Jeong-Sik Yu, MD ; Ki Whang Kim, MD ; Hwa-Jin Lee, MD ; Young-Jun Lee, MD ; Choon-Sik Yoon, MD ; Myung-Joon Kim, MD
1 From the Department of Diagnostic Radiology and the Research Institute of Radiological Science, Yonsei University College of Medicine, YongDong Severance Hospital, 146-92 Dogok-Dong, Gangnam-Gu, Seoul 135-270, South Korea. Presented as a scientific exhibit at the 1999 RSNA scientific assembly. Received March 21, 2000; revision requested June 8 and received June 28; accepted June 29.

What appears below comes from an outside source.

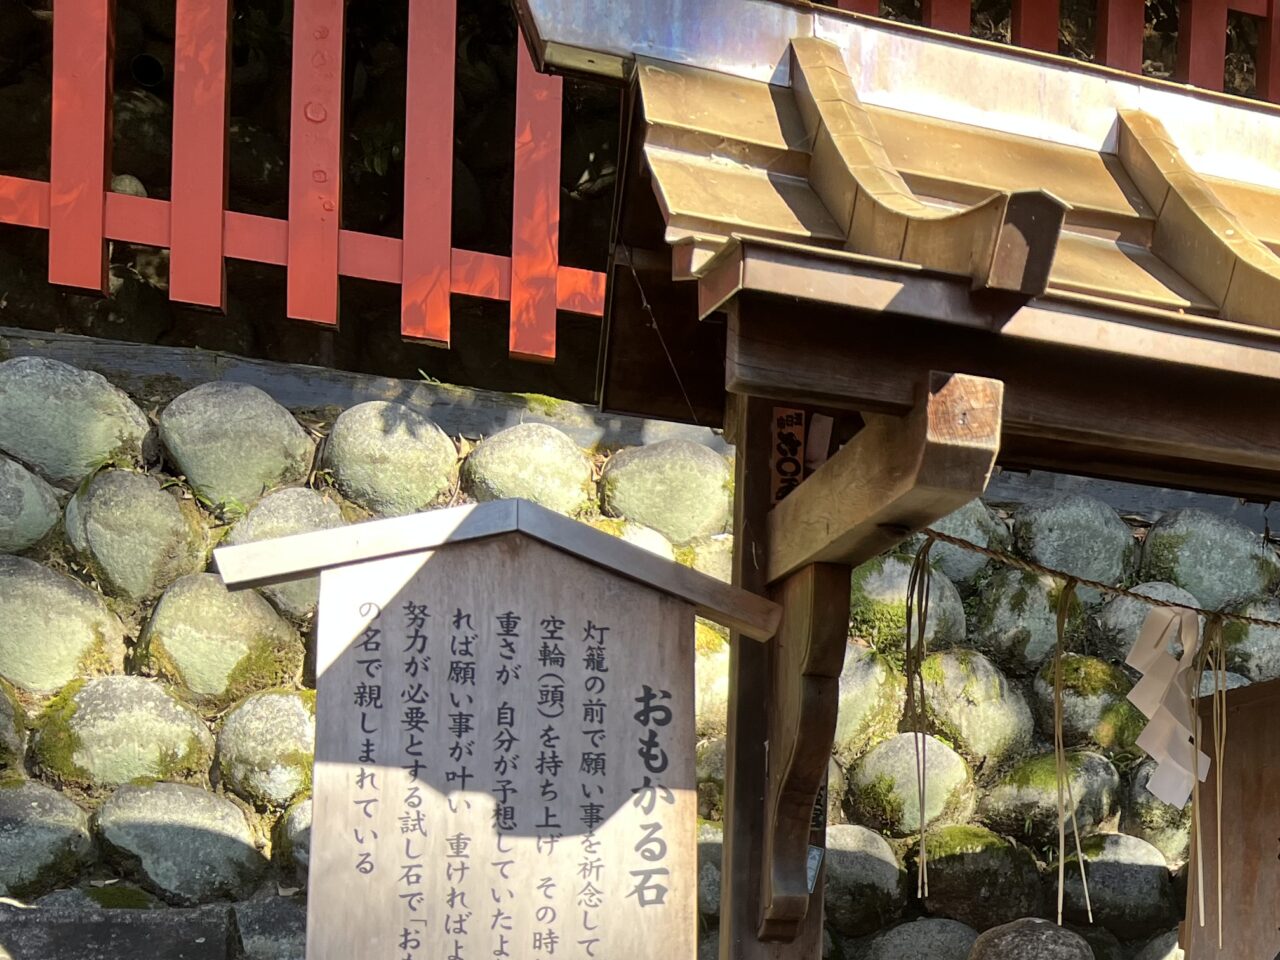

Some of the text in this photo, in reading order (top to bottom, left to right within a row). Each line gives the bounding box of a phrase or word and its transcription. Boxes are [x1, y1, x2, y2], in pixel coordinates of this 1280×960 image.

Computed tomography (CT) and ultrasonography (US) are ideally suited for demonstrating urachal remnant diseases. A patent urachus is demonstrated at longitudinal US and occasionally at CT as a tubular connection between the anterosuperior aspect of the bladder and the umbilicus. An umbilical-urachal sinus manifests at US as a thickened tubular structure along the midline below the umbilicus. A vesicourachal diverticulum is usually discovered incidentally at axial CT, appearing as a midline cystic lesion just above the anterosuperior aspect of the bladder. At US, it manifests as an extraluminally protruding, fluid-filled sac that does not communicate with the umbilicus. Urachal cysts manifest at both modalities as a noncommunicating, fluid-filled cavity in the midline lower abdominal wall located just beneath the umbilicus or above the bladder. Both infected urachal cysts and urachal carcinomas commonly display increased echogenicity at US and thick-walled cystic or mixed attenuation at CT, making it difficult to differentiate between them. Percutaneous needle biopsy or fluid aspiration is usually needed for diagnosis and therapeutic planning. Nevertheless, CT and US can help identify most disease entities originating from the urachal remnant in the anterior abdominal wall. Understanding the anatomy and the imaging features of urachal remnant diseases is essential for correct diagnosis and proper management.